The task | Could you transcribe every entry exactly, leaving nothing out?
┌─ Records supplied
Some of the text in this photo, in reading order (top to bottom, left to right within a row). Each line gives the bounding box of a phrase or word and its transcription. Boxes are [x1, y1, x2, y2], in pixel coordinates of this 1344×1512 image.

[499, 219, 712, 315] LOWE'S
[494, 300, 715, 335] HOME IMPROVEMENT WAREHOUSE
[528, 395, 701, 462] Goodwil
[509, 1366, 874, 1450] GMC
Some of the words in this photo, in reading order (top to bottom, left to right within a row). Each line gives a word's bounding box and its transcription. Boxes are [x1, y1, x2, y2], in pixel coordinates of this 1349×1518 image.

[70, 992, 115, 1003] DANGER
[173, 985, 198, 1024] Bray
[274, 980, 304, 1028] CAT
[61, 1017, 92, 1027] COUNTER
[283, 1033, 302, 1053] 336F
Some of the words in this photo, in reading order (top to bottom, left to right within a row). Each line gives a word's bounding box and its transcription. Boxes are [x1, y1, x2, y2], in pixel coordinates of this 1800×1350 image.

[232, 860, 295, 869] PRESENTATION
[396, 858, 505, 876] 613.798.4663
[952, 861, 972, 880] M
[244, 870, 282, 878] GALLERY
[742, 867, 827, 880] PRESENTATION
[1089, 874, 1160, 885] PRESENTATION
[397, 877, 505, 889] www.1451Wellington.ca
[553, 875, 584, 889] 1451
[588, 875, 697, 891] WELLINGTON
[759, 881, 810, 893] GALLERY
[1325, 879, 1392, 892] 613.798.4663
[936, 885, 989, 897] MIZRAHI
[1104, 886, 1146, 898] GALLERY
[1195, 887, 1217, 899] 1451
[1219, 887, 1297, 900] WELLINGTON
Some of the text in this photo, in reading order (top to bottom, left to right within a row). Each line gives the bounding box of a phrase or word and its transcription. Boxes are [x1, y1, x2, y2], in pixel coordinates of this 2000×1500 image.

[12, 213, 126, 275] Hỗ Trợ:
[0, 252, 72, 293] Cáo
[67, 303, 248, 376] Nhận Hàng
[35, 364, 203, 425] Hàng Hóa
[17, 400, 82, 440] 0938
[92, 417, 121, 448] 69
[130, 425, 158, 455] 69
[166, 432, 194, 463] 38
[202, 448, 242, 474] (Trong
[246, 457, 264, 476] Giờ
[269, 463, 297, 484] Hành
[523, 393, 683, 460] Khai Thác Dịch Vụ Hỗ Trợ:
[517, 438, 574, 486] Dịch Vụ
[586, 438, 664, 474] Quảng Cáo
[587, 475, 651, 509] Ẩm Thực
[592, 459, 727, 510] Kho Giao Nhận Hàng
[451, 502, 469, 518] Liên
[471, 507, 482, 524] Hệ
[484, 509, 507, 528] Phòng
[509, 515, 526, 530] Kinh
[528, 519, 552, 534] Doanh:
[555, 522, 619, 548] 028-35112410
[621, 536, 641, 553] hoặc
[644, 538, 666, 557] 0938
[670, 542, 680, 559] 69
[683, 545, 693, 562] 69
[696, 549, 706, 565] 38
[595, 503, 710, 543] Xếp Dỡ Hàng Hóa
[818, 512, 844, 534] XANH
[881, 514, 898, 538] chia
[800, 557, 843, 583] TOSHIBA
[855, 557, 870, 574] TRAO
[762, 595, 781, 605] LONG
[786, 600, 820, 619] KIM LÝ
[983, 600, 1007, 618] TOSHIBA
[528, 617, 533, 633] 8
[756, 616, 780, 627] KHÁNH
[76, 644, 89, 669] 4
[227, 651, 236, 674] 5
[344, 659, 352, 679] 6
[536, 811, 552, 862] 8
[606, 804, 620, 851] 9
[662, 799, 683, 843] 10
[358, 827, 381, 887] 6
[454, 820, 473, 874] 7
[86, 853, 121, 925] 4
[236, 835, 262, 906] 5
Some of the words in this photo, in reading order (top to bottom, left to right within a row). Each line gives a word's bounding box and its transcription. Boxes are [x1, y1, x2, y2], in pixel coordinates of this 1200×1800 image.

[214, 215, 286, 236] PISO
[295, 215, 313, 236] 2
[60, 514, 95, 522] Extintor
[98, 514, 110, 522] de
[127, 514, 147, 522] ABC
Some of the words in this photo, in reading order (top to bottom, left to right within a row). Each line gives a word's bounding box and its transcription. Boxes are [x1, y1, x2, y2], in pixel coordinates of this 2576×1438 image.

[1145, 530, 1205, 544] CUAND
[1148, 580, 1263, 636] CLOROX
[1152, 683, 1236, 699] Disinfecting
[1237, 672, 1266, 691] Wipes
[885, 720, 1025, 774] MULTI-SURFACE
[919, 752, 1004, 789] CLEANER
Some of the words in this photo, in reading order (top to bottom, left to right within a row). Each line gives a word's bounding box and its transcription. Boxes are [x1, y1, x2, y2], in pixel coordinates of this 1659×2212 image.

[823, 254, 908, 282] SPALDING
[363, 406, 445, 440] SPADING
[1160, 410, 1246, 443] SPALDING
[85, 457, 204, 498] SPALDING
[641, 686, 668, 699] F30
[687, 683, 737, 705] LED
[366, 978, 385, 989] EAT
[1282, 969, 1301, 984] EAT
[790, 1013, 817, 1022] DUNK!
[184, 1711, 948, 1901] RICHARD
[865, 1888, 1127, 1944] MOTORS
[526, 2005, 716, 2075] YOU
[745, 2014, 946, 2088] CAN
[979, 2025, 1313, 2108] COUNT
└─
Your response |
Some of the text in this photo, in reading order (top to bottom, left to right within a row). Each line gives the bounding box of a phrase or word and its transcription. Boxes are [x1, y1, x2, y2], in pixel coordinates of this 1344×1512 image.

[499, 219, 712, 315] LOWE'S
[494, 300, 715, 335] HOME IMPROVEMENT WAREHOUSE
[528, 395, 701, 462] Goodwil
[509, 1366, 874, 1450] GMC
Some of the words in this photo, in reading order (top to bottom, left to right within a row). Each line gives a word's bounding box and its transcription. Boxes are [x1, y1, x2, y2], in pixel coordinates of this 1349×1518 image.

[70, 992, 115, 1003] DANGER
[173, 985, 198, 1024] Bray
[274, 980, 304, 1028] CAT
[61, 1017, 92, 1027] COUNTER
[283, 1033, 302, 1053] 336F
Some of the words in this photo, in reading order (top to bottom, left to right within a row). Each line gives a word's bounding box and its transcription. Boxes are [x1, y1, x2, y2], in pixel coordinates of this 1800×1350 image.

[232, 860, 295, 869] PRESENTATION
[396, 858, 505, 876] 613.798.4663
[952, 861, 972, 880] M
[244, 870, 282, 878] GALLERY
[742, 867, 827, 880] PRESENTATION
[1089, 874, 1160, 885] PRESENTATION
[397, 877, 505, 889] www.1451Wellington.ca
[553, 875, 584, 889] 1451
[588, 875, 697, 891] WELLINGTON
[759, 881, 810, 893] GALLERY
[1325, 879, 1392, 892] 613.798.4663
[936, 885, 989, 897] MIZRAHI
[1104, 886, 1146, 898] GALLERY
[1195, 887, 1217, 899] 1451
[1219, 887, 1297, 900] WELLINGTON
Some of the text in this photo, in reading order (top to bottom, left to right within a row). Each line gives the bounding box of a phrase or word and its transcription. Boxes are [x1, y1, x2, y2], in pixel coordinates of this 2000×1500 image.

[12, 213, 126, 275] Hỗ Trợ:
[0, 252, 72, 293] Cáo
[67, 303, 248, 376] Nhận Hàng
[35, 364, 203, 425] Hàng Hóa
[17, 400, 82, 440] 0938
[92, 417, 121, 448] 69
[130, 425, 158, 455] 69
[166, 432, 194, 463] 38
[202, 448, 242, 474] (Trong
[246, 457, 264, 476] Giờ
[269, 463, 297, 484] Hành
[523, 393, 683, 460] Khai Thác Dịch Vụ Hỗ Trợ:
[517, 438, 574, 486] Dịch Vụ
[586, 438, 664, 474] Quảng Cáo
[587, 475, 651, 509] Ẩm Thực
[592, 459, 727, 510] Kho Giao Nhận Hàng
[451, 502, 469, 518] Liên
[471, 507, 482, 524] Hệ
[484, 509, 507, 528] Phòng
[509, 515, 526, 530] Kinh
[528, 519, 552, 534] Doanh:
[555, 522, 619, 548] 028-35112410
[621, 536, 641, 553] hoặc
[644, 538, 666, 557] 0938
[670, 542, 680, 559] 69
[683, 545, 693, 562] 69
[696, 549, 706, 565] 38
[595, 503, 710, 543] Xếp Dỡ Hàng Hóa
[818, 512, 844, 534] XANH
[881, 514, 898, 538] chia
[800, 557, 843, 583] TOSHIBA
[855, 557, 870, 574] TRAO
[762, 595, 781, 605] LONG
[786, 600, 820, 619] KIM LÝ
[983, 600, 1007, 618] TOSHIBA
[528, 617, 533, 633] 8
[756, 616, 780, 627] KHÁNH
[76, 644, 89, 669] 4
[227, 651, 236, 674] 5
[344, 659, 352, 679] 6
[536, 811, 552, 862] 8
[606, 804, 620, 851] 9
[662, 799, 683, 843] 10
[358, 827, 381, 887] 6
[454, 820, 473, 874] 7
[86, 853, 121, 925] 4
[236, 835, 262, 906] 5
Some of the words in this photo, in reading order (top to bottom, left to right within a row). Each line gives a word's bounding box and its transcription. Boxes are [x1, y1, x2, y2], in pixel coordinates of this 1200×1800 image.

[214, 215, 286, 236] PISO
[295, 215, 313, 236] 2
[60, 514, 95, 522] Extintor
[98, 514, 110, 522] de
[127, 514, 147, 522] ABC
Some of the words in this photo, in reading order (top to bottom, left to right within a row). Each line gives a word's bounding box and its transcription. Boxes are [x1, y1, x2, y2], in pixel coordinates of this 2576×1438 image.

[1145, 530, 1205, 544] CUAND
[1148, 580, 1263, 636] CLOROX
[1152, 683, 1236, 699] Disinfecting
[1237, 672, 1266, 691] Wipes
[885, 720, 1025, 774] MULTI-SURFACE
[919, 752, 1004, 789] CLEANER
Some of the words in this photo, in reading order (top to bottom, left to right within a row). Each line gives a word's bounding box and its transcription. Boxes are [x1, y1, x2, y2], in pixel coordinates of this 1659×2212 image.

[823, 254, 908, 282] SPALDING
[363, 406, 445, 440] SPADING
[1160, 410, 1246, 443] SPALDING
[85, 457, 204, 498] SPALDING
[641, 686, 668, 699] F30
[687, 683, 737, 705] LED
[366, 978, 385, 989] EAT
[1282, 969, 1301, 984] EAT
[790, 1013, 817, 1022] DUNK!
[184, 1711, 948, 1901] RICHARD
[865, 1888, 1127, 1944] MOTORS
[526, 2005, 716, 2075] YOU
[745, 2014, 946, 2088] CAN
[979, 2025, 1313, 2108] COUNT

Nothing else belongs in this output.